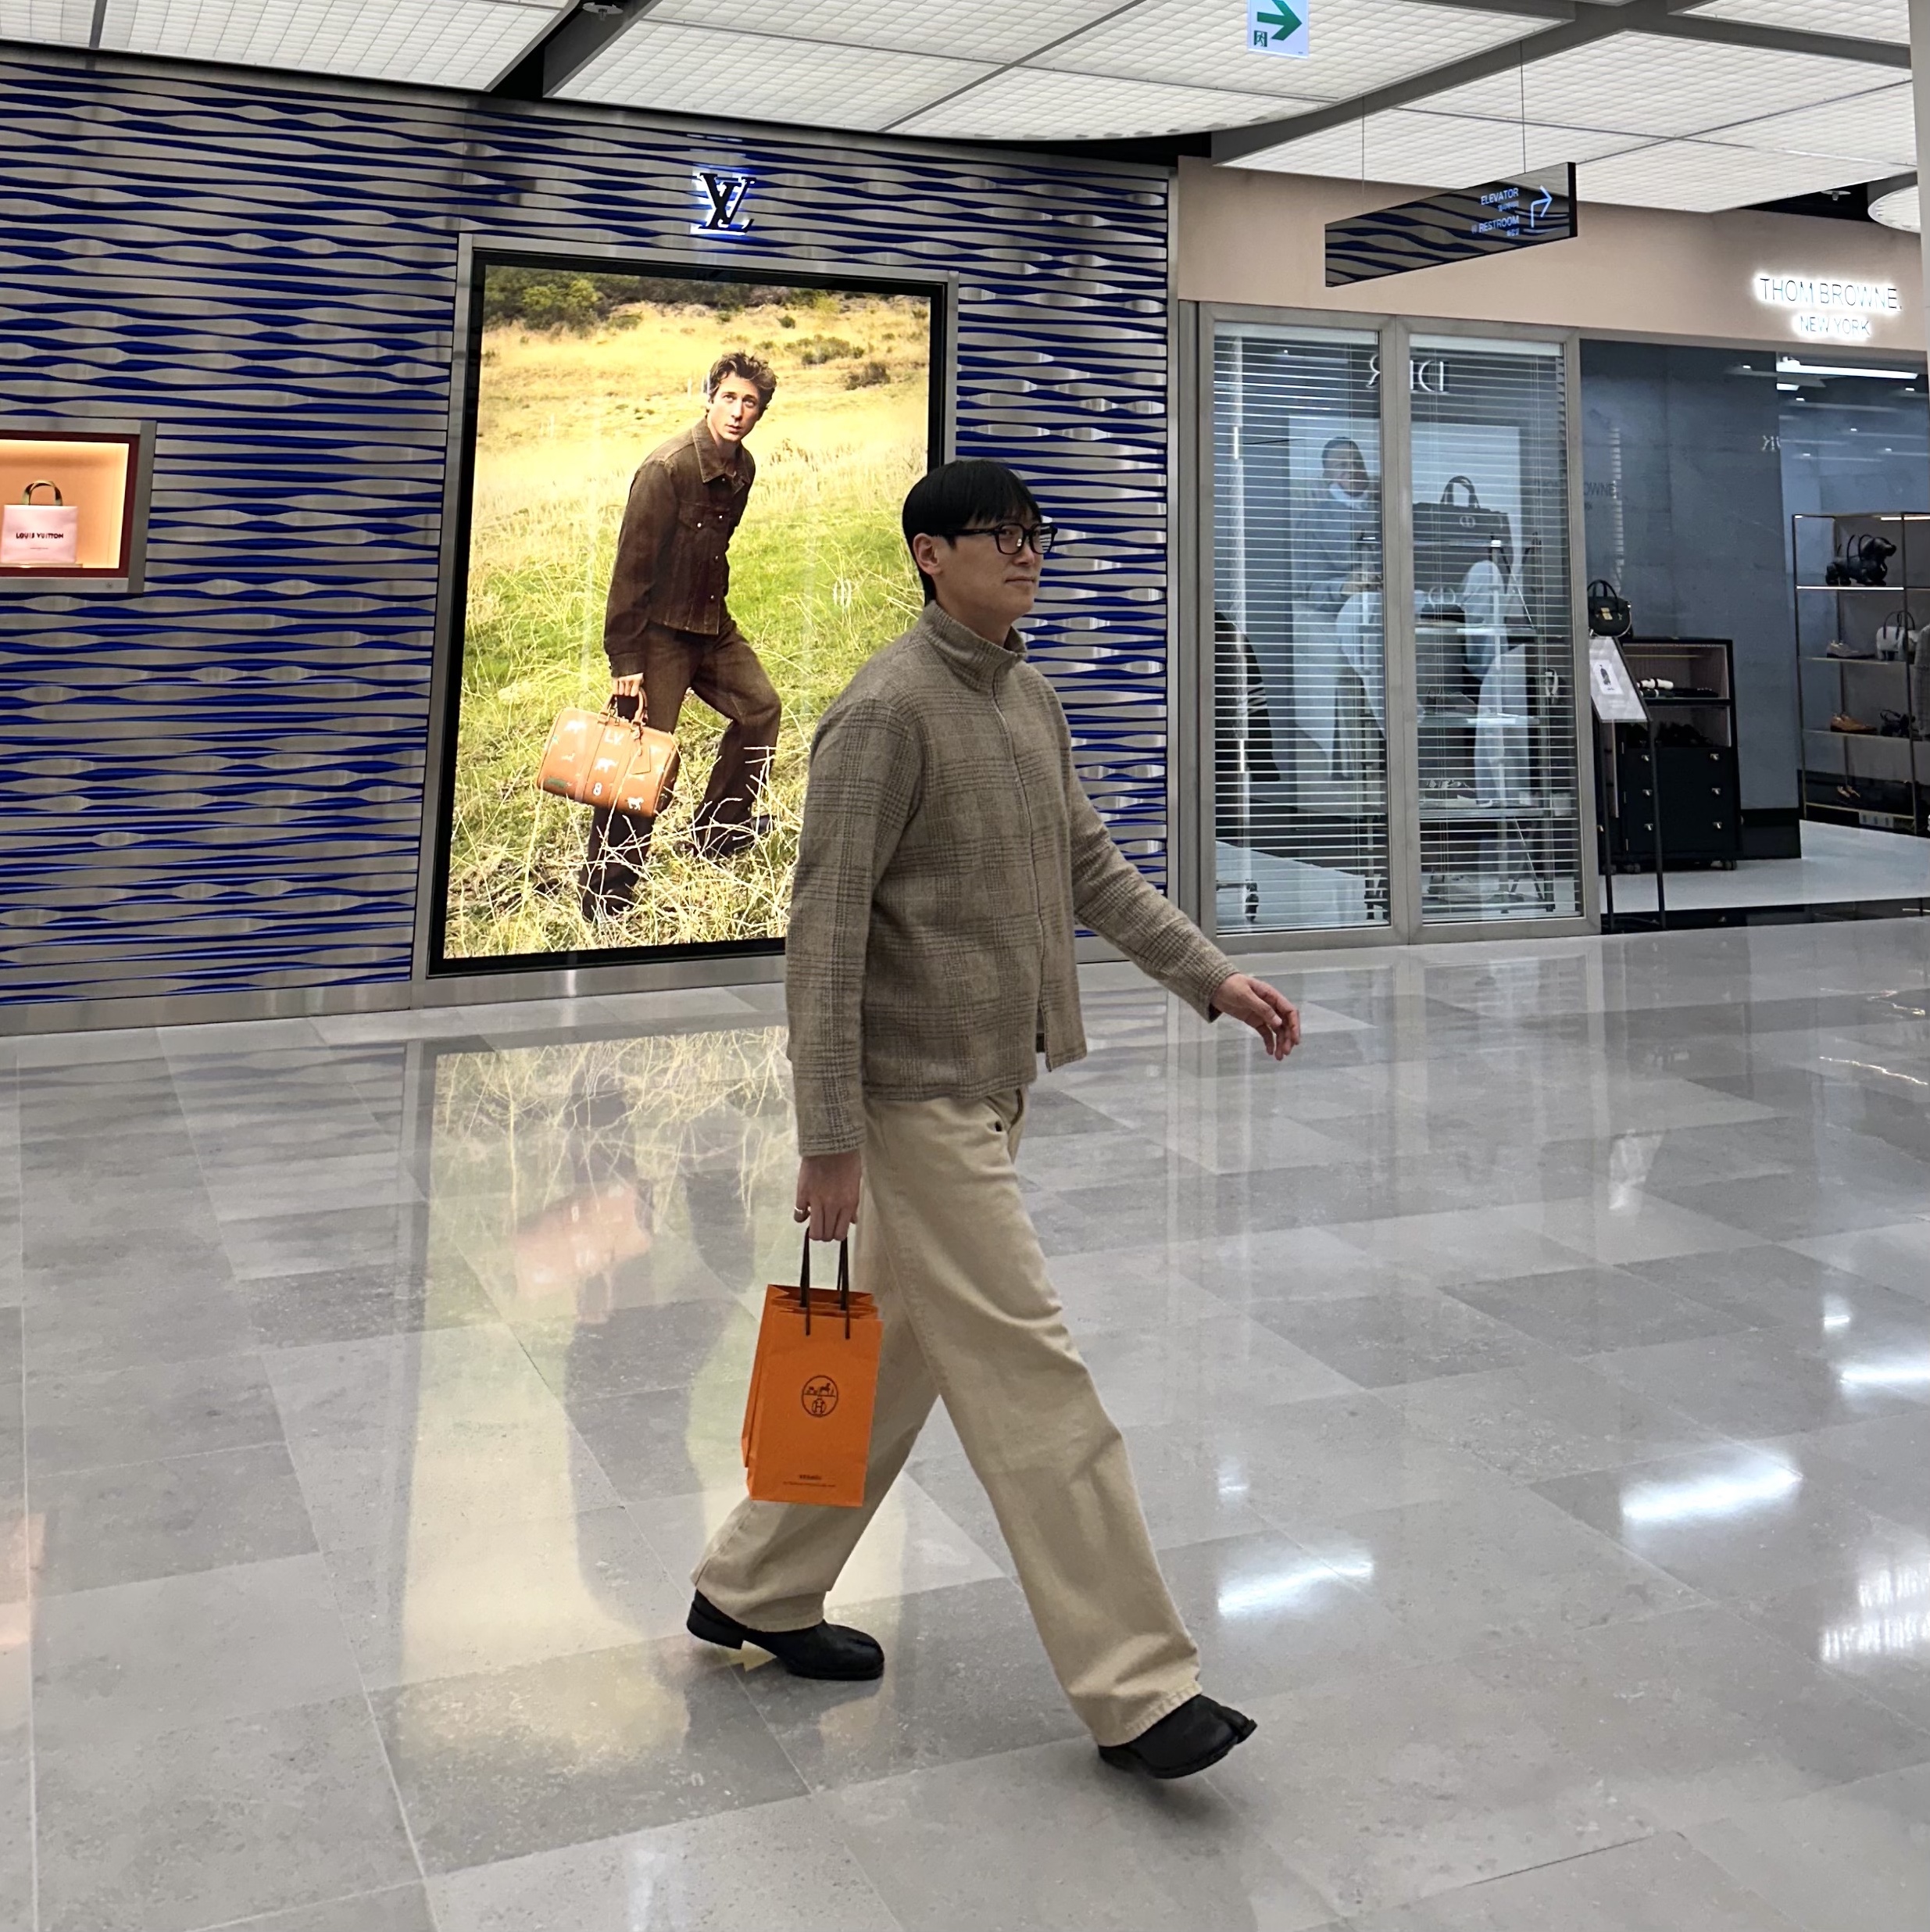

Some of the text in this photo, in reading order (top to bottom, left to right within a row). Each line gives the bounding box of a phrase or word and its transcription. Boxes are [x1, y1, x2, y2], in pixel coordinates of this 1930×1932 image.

[1481, 188, 1519, 205] ELEVATOR
[1479, 216, 1519, 233] RESTROOM
[1760, 278, 1814, 302] THOM
[1800, 316, 1871, 336] NEW YORK
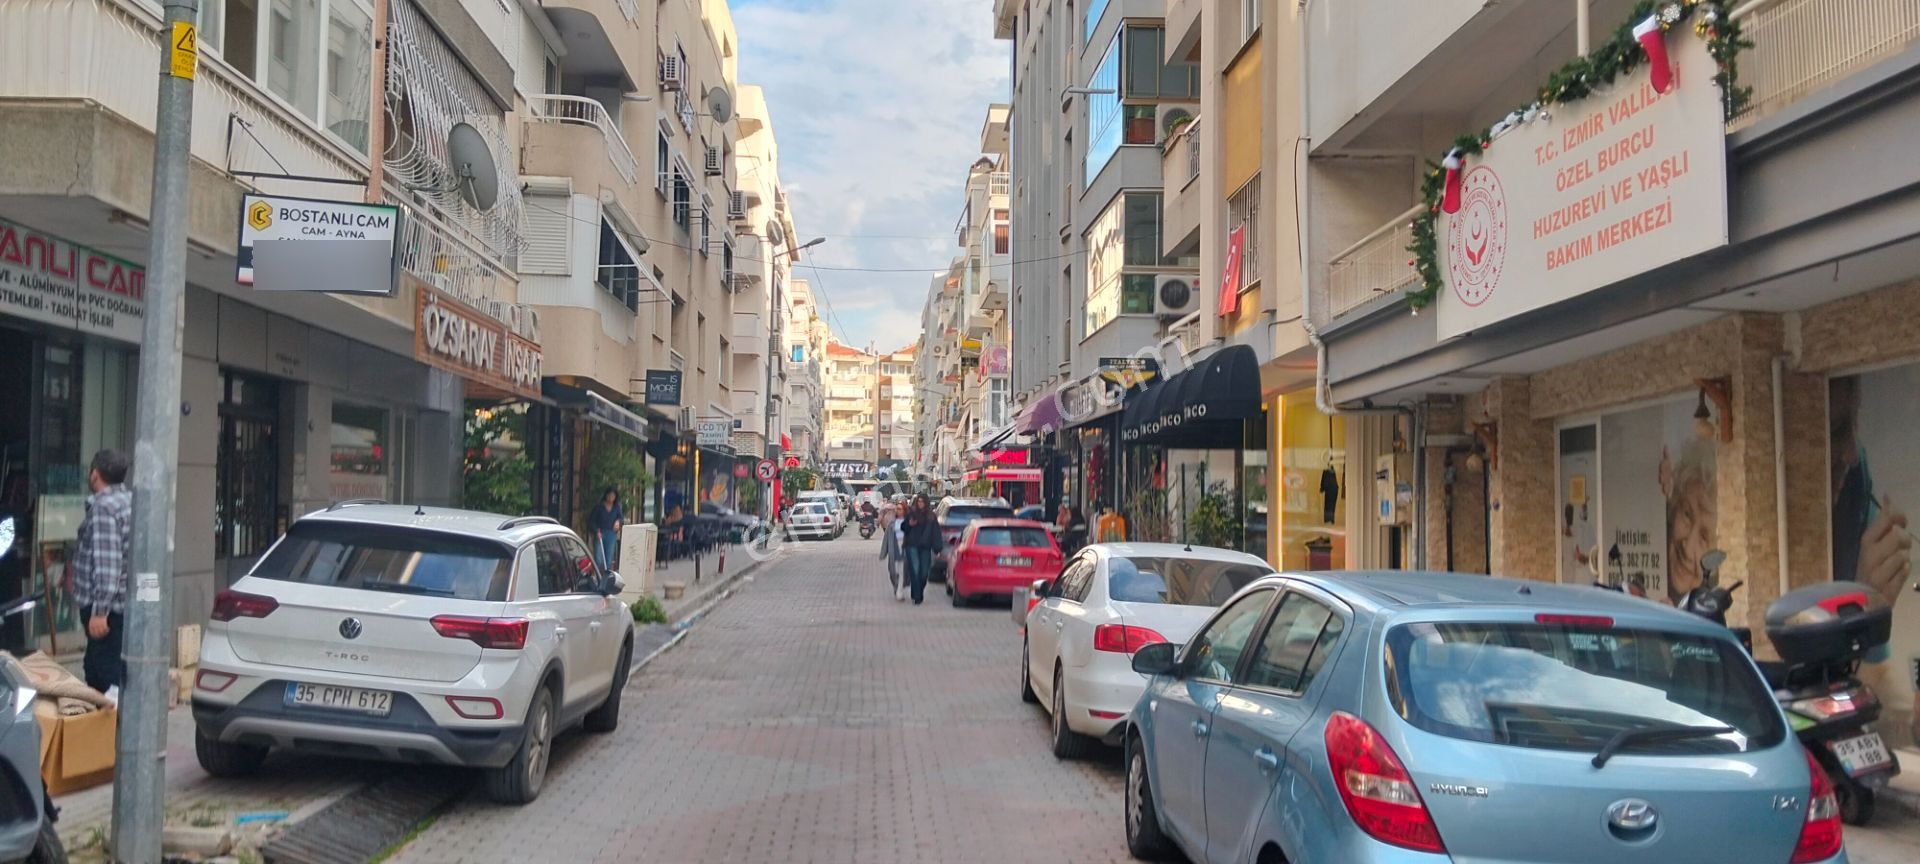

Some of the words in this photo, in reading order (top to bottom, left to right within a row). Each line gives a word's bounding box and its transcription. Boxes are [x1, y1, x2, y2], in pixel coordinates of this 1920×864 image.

[1535, 141, 1558, 165] T.C.
[1563, 112, 1604, 152] İZMİR
[1608, 61, 1681, 126] VALİLİ
[1556, 159, 1593, 192] ÖZEL
[1598, 124, 1654, 172] BURCU
[1533, 185, 1606, 239] HUZUREVİ
[1611, 177, 1632, 204] VE
[1638, 151, 1688, 189] YAŞLI
[280, 208, 353, 226] BOSTANLI
[357, 214, 389, 229] CAM
[302, 227, 326, 237] CAM
[336, 229, 365, 239] AYNA
[1547, 234, 1592, 271] BAKIM
[1598, 196, 1672, 251] MERKEZİ
[0, 224, 76, 280] ANLI
[20, 273, 75, 300] ALÜMİNYUM
[89, 293, 105, 308] PVC
[51, 301, 87, 322] TADİLAT
[90, 306, 114, 328] İŞLERİ
[423, 292, 497, 370] ÖZSARAY
[650, 384, 677, 393] MORE
[670, 375, 678, 383] IS
[325, 651, 370, 661] T-ROC
[296, 684, 316, 702] 35
[323, 687, 352, 705] CPH
[358, 691, 388, 709] 612
[1837, 741, 1855, 756] 35
[1430, 783, 1488, 798] HYUNDAI
━━━━
• [What you need to do] Please output the data above exactly as given, omitting every picture.

• [Written solution]
Some of the text in this photo, in reading order (top to bottom, left to right within a row). Each line gives the bounding box of a phrase or word and its transcription. Boxes are [x1, y1, x2, y2], in pixel coordinates of this 1930×1932 image.

[1481, 188, 1519, 205] ELEVATOR
[1479, 216, 1519, 233] RESTROOM
[1760, 278, 1814, 302] THOM
[1800, 316, 1871, 336] NEW YORK

Some of the words in this photo, in reading order (top to bottom, left to right within a row). Each line gives a word's bounding box and its transcription. Boxes are [x1, y1, x2, y2], in pixel coordinates of this 1920×864 image.

[1535, 141, 1558, 165] T.C.
[1563, 112, 1604, 152] İZMİR
[1608, 61, 1681, 126] VALİLİ
[1556, 159, 1593, 192] ÖZEL
[1598, 124, 1654, 172] BURCU
[1533, 185, 1606, 239] HUZUREVİ
[1611, 177, 1632, 204] VE
[1638, 151, 1688, 189] YAŞLI
[280, 208, 353, 226] BOSTANLI
[357, 214, 389, 229] CAM
[302, 227, 326, 237] CAM
[336, 229, 365, 239] AYNA
[1547, 234, 1592, 271] BAKIM
[1598, 196, 1672, 251] MERKEZİ
[0, 224, 76, 280] ANLI
[20, 273, 75, 300] ALÜMİNYUM
[89, 293, 105, 308] PVC
[51, 301, 87, 322] TADİLAT
[90, 306, 114, 328] İŞLERİ
[423, 292, 497, 370] ÖZSARAY
[650, 384, 677, 393] MORE
[670, 375, 678, 383] IS
[325, 651, 370, 661] T-ROC
[296, 684, 316, 702] 35
[323, 687, 352, 705] CPH
[358, 691, 388, 709] 612
[1837, 741, 1855, 756] 35
[1430, 783, 1488, 798] HYUNDAI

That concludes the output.